*Exercise instructions*.
Each record that follows should be duplicated exactly, except for its pictures.

━━━ Material provided

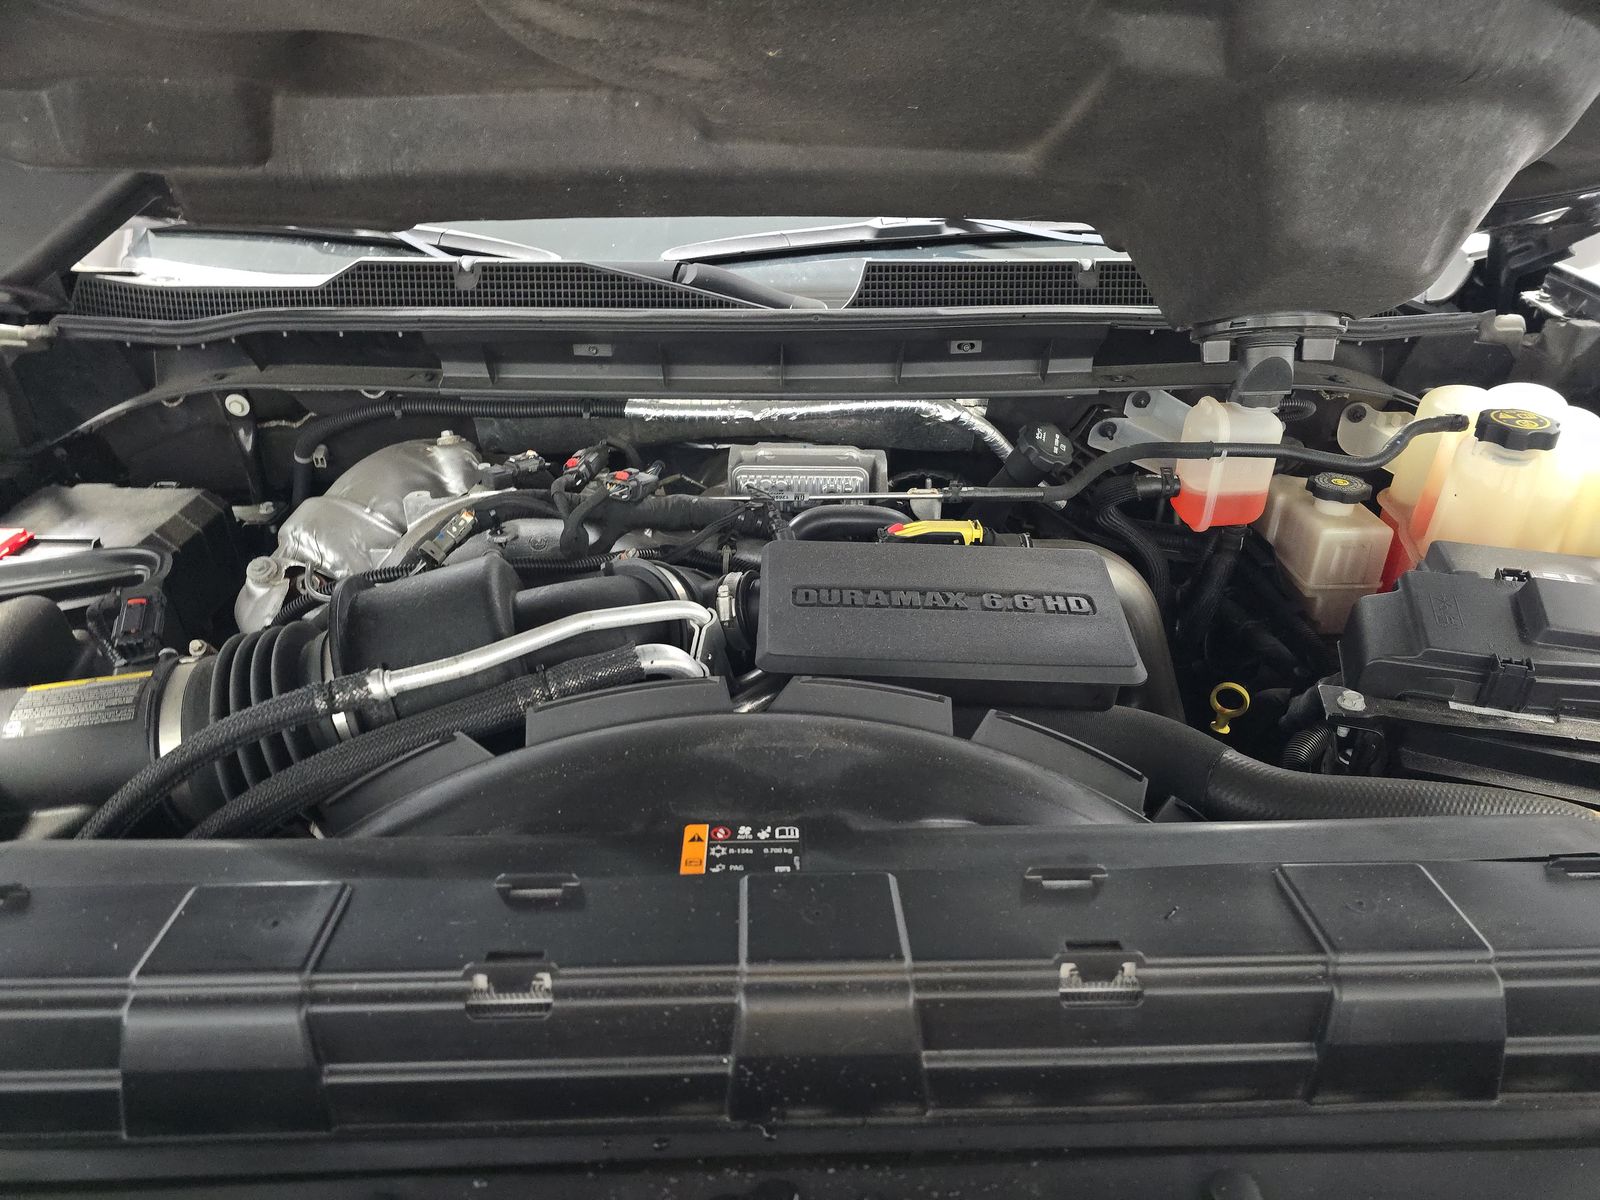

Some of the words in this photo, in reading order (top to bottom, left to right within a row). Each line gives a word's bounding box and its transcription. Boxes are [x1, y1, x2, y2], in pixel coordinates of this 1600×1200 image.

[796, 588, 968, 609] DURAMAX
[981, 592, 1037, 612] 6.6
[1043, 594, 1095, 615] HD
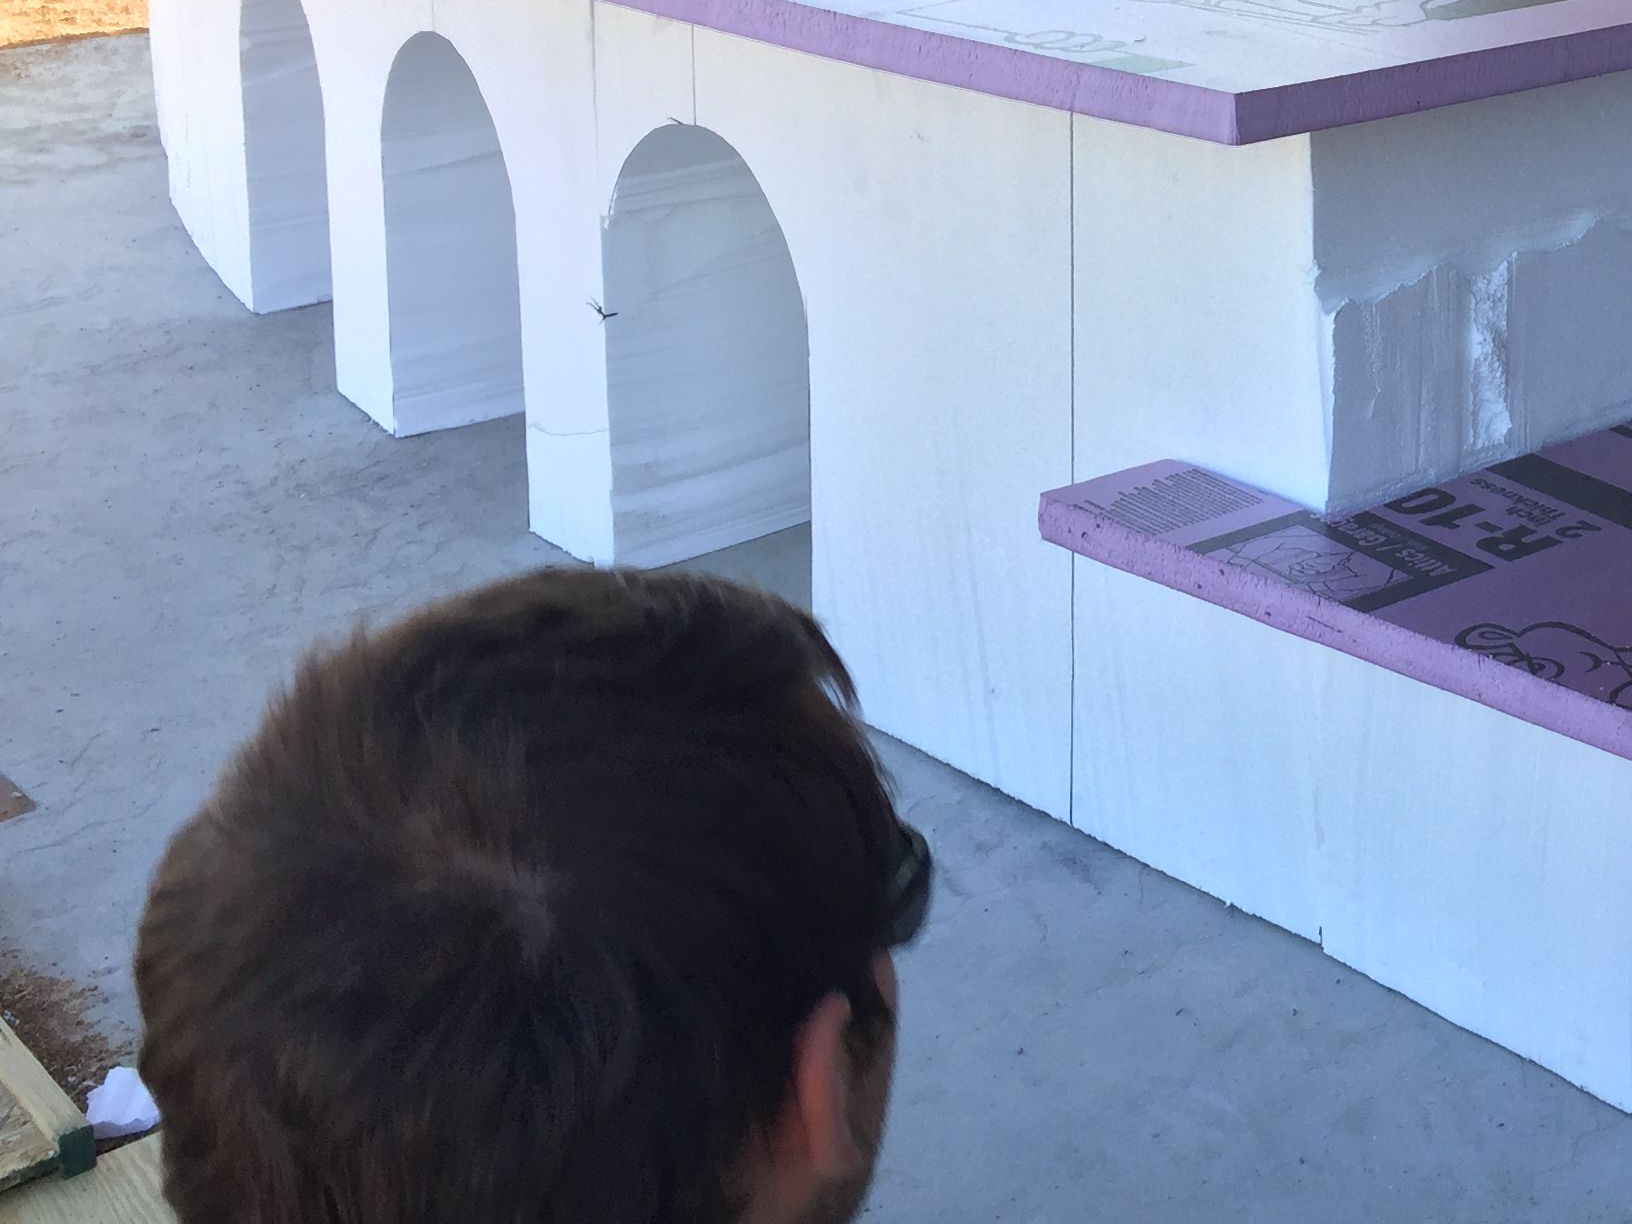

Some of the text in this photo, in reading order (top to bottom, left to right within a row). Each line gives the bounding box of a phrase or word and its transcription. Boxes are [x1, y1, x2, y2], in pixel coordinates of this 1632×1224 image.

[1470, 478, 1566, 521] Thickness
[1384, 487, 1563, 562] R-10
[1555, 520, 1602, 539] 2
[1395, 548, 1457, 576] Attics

━━━━━━

*Answer below*.
Some of the words in this photo, in reading order (top to bottom, left to right within a row). Each line gives a word's bounding box and its transcription. Boxes are [x1, y1, x2, y2], in pixel coordinates of this 1600×1200 image.

[796, 588, 968, 609] DURAMAX
[981, 592, 1037, 612] 6.6
[1043, 594, 1095, 615] HD

Some of the text in this photo, in reading order (top to bottom, left to right within a row). Each line gives the bounding box of a phrase or word and its transcription. Boxes are [x1, y1, x2, y2], in pixel coordinates of this 1632×1224 image.

[1470, 478, 1566, 521] Thickness
[1384, 487, 1563, 562] R-10
[1555, 520, 1602, 539] 2
[1395, 548, 1457, 576] Attics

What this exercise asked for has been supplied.